Challenges to trade cooperation during global emergencies

The characteristics of the market for medical goods make it challenging to sustain trade cooperation during a global health emergency. Given that demand for certain medical goods can spike in response to global emergencies, geographic concentration in supply may disrupt regular trade patterns if products are allocated to satisfy national demand first. Governments are important players: They are large buyers and also regulate the production, distribution, and consumption of medical products, which often are subject to problems of asymmetric information and market failures.

In anticipation of possible emergencies, governments may seek to guarantee the availability of essential goods. Actions may include supporting domestic production, stockpiling, diversifying supply sources, and building capacity for flexible manufacturing. However, building up or extending production capacity in essential goods requires diverting resources from other sectors, which is costly. More generally, promoting domestic production would reduce the benefits of international specialization.
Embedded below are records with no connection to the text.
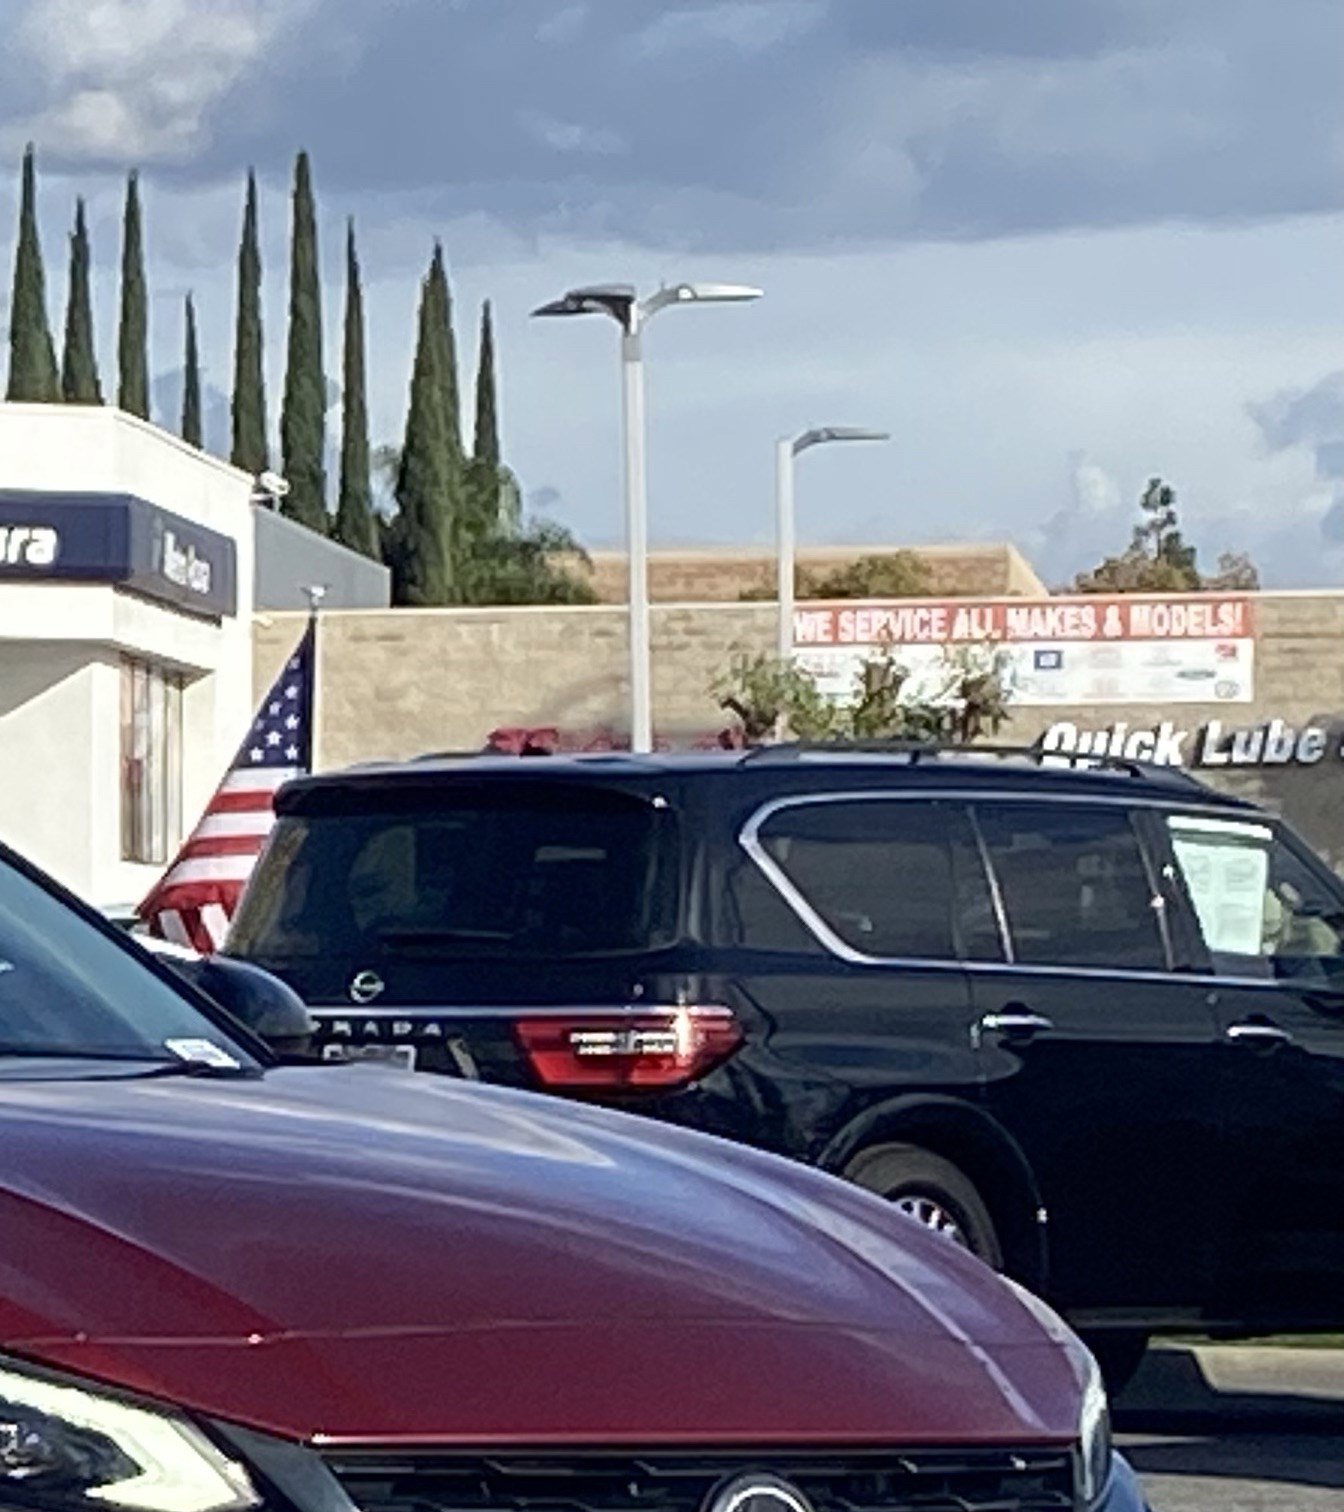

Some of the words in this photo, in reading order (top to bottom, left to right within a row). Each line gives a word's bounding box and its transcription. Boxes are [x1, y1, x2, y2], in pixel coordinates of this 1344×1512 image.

[793, 609, 833, 642] WE
[837, 608, 948, 642] SERVICE
[950, 607, 1002, 640] ALL
[1007, 604, 1097, 639] MAKES
[1129, 602, 1244, 637] MODELS!
[1040, 721, 1188, 769] Quick
[1201, 718, 1327, 764] Lube
During a pandemic or other crisis, a government may also take direct policy measures to avoid critical shortages of essential goods or services in the short run. For example, it may impose export restrictions on domestic producers, creating a potential conflict between trade rules and unilateral government efforts to improve health security. As discussed in the following section, trade agreements provide for such situations.

Beyond trade, governments may subsidize the development of essential products and investment to expand production capacity. Also, governments could take measures to retain health personnel to respond to an internal shortage of staff in medical establishments.
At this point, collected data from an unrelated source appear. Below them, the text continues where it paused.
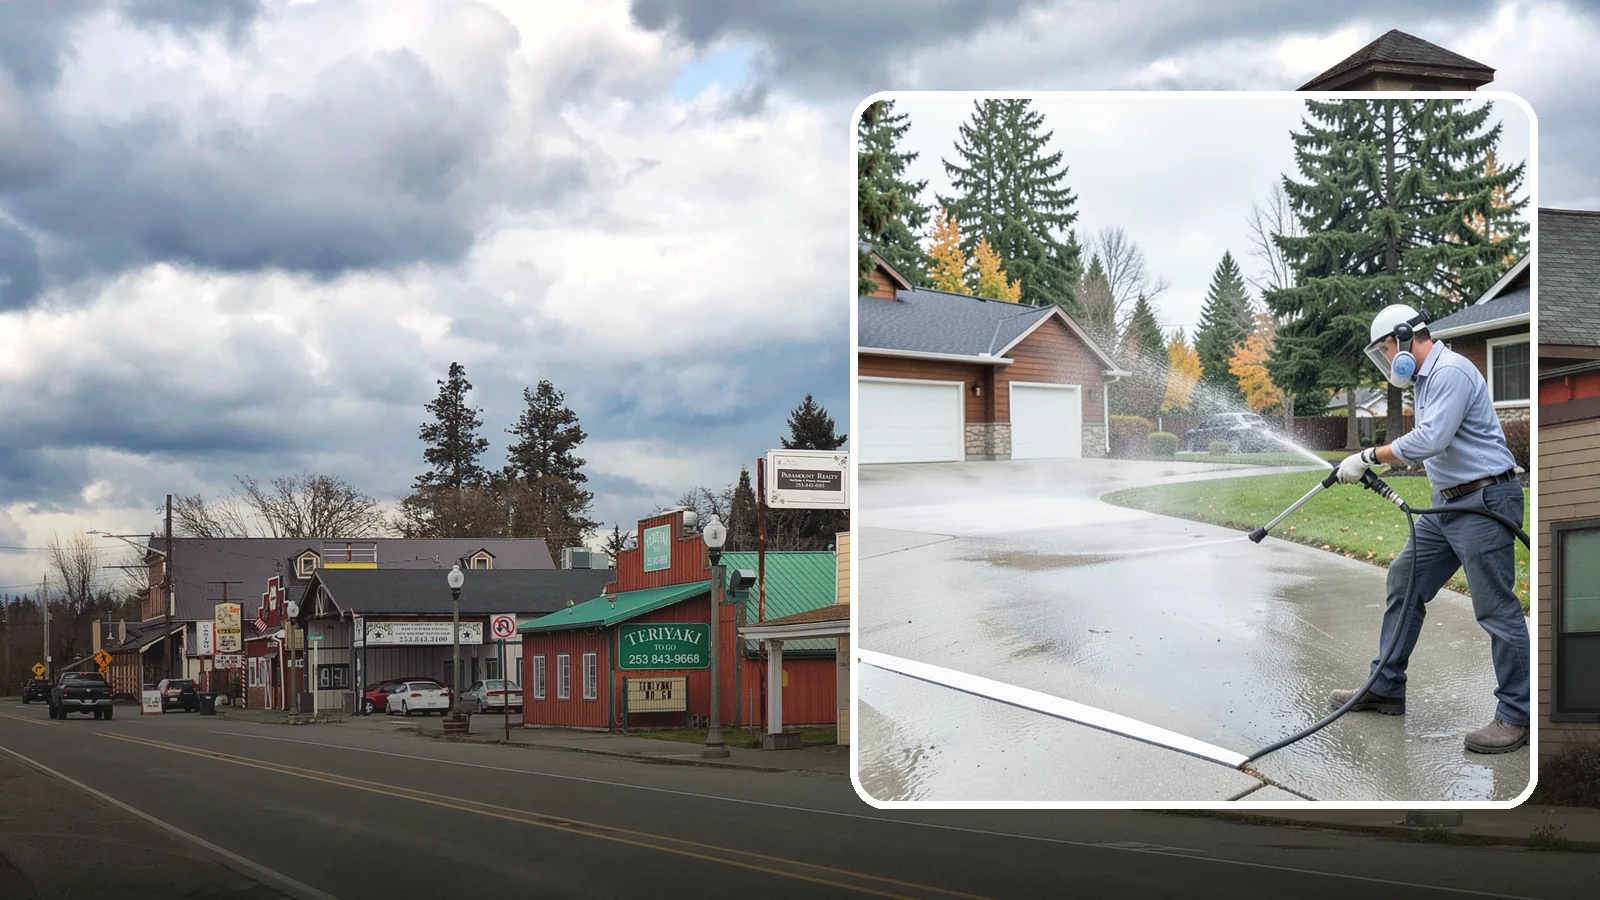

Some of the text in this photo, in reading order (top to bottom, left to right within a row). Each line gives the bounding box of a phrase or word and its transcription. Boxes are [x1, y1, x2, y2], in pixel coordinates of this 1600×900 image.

[781, 471, 839, 480] PARAMOUNT REALTY
[646, 531, 669, 549] TERIYAKI
[624, 627, 703, 646] TERIYAKI
[653, 643, 677, 651] TO GO
[628, 653, 700, 665] 253 843-9668
Gaps revealed during the pandemic and need for cooperation beyond trade

The pandemic revealed the critical importance of trade as a way to source medical products from countries with a comparative advantage or the capacity to rapidly scale up production. It also revealed the challenge of meeting domestic needs for essential products when global demand far outstrips global stocks and supply capacity is expanded primarily to meet local needs rather than foreign demand.
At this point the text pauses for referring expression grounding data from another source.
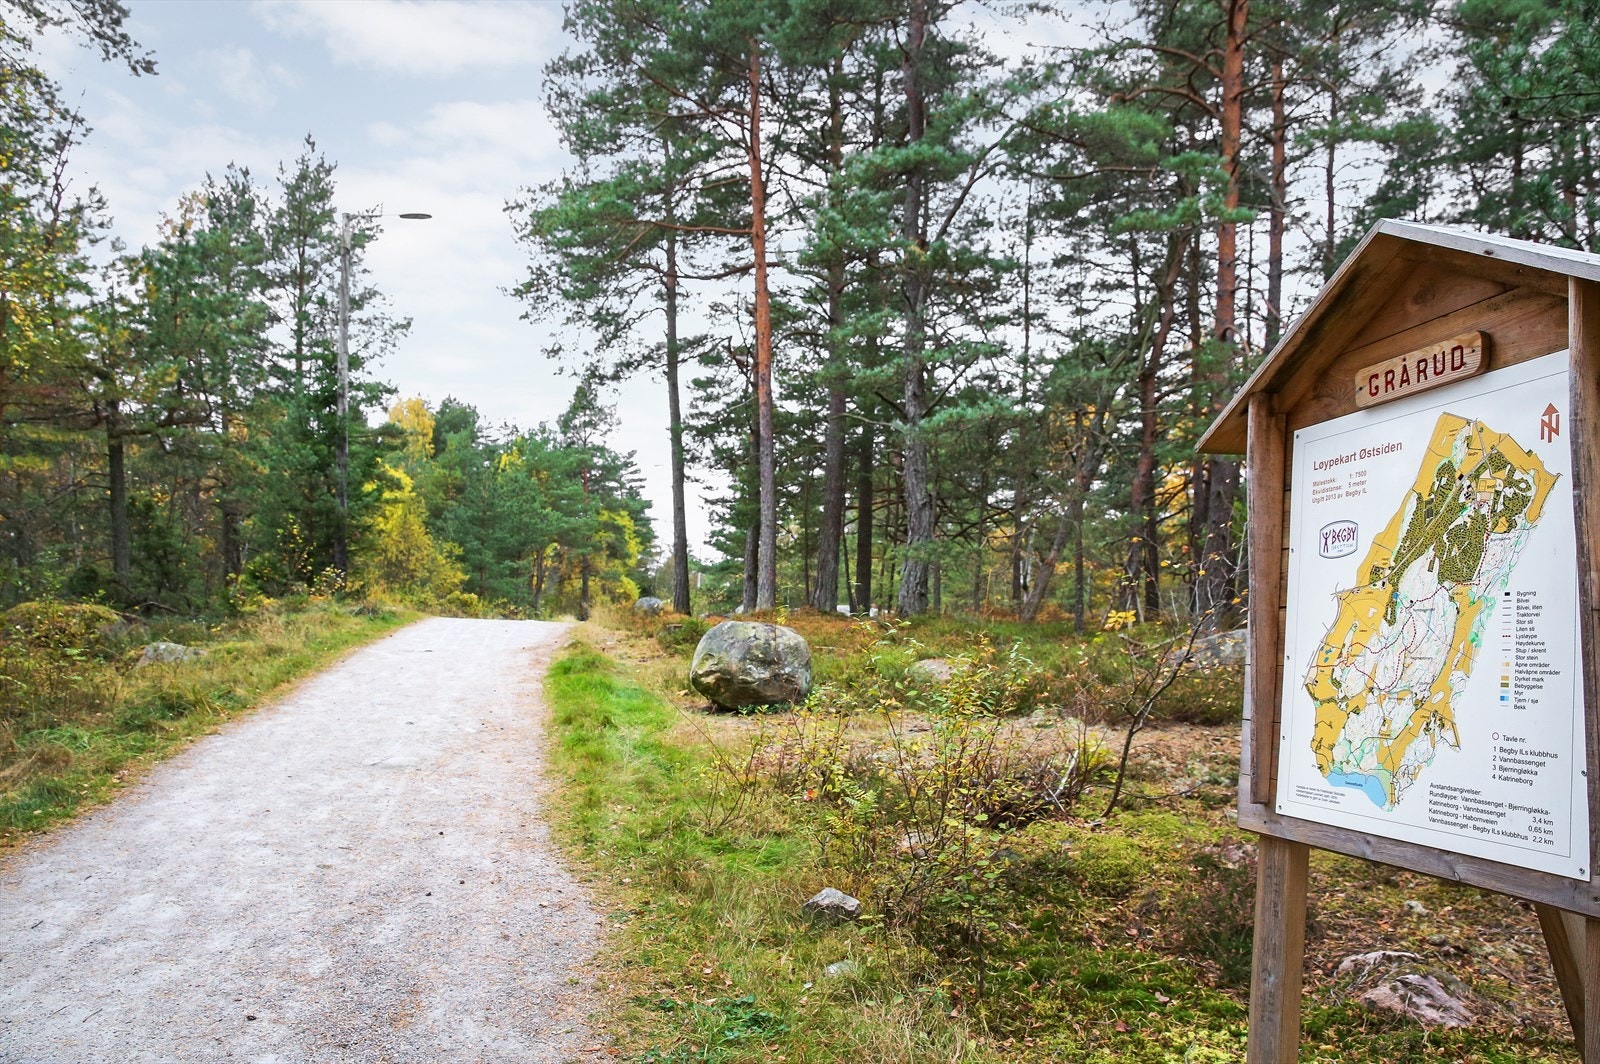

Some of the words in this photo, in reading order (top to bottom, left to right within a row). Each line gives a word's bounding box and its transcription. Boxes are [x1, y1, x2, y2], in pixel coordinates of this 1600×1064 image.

[1368, 344, 1467, 398] GRÅRUD
[1313, 452, 1357, 471] Løypekart
[1359, 442, 1403, 460] Østsiden
[1325, 493, 1337, 502] 2013
[1345, 490, 1361, 498] Begby
[1332, 526, 1356, 545] BEGBY
[1503, 734, 1518, 743] Tavle
[1499, 746, 1518, 756] Begby
[1530, 750, 1558, 759] klubbhus
[1499, 756, 1546, 768] Vannbassenget
[1498, 765, 1538, 776] Bjerringløkka
[1498, 774, 1533, 786] Katrineborg
[1429, 782, 1482, 796] Avstandsangivelser:
[1429, 791, 1459, 801] Rundløype:
[1460, 795, 1504, 808] Vannbassenget
[1429, 799, 1459, 810] Katrineborg
[1463, 805, 1506, 818] Vannbassenget
[1429, 808, 1459, 819] Katrineborg
[1528, 825, 1542, 833] 0,65
[1543, 827, 1554, 835] km
[1428, 816, 1468, 829] Vannbassenget
[1473, 824, 1490, 834] Begby
[1501, 830, 1528, 841] klubbhus
[1532, 835, 1543, 843] 2,2
In principle, international coordination to ensure the provision of essential goods under a regime of open trade comes with large economic benefits. It can address the time inconsistency problem that occurs when a net importer of essential goods, anticipating export restrictions during a crisis, supports domestic production of products for which it lacks a comparative advantage (Leibovici and Santacreu 2021). International cooperation can also help governments avoid costly and ineffective reshoring policies as a response to a crisis by increasing the robustness of global value chains and creating systems that support information exchange and policy transparency. Cooperation in the area of pricing policies is also key to ensure universal health coverage of medical goods (box 3.2).

Trade agreements, whether multilateral or regional, are mostly designed for “normal” times. They do not include robust frameworks to guide cooperation in times of crisis and do not address the time inconsistency problem. All trade agreements include provisions for emergencies, but these generally are limited to recognizing that governments may perceive a need to restrict trade to safeguard or enhance access to essential goods or services. They permit the use of trade measures on an exceptional basis that otherwise would be prohibited.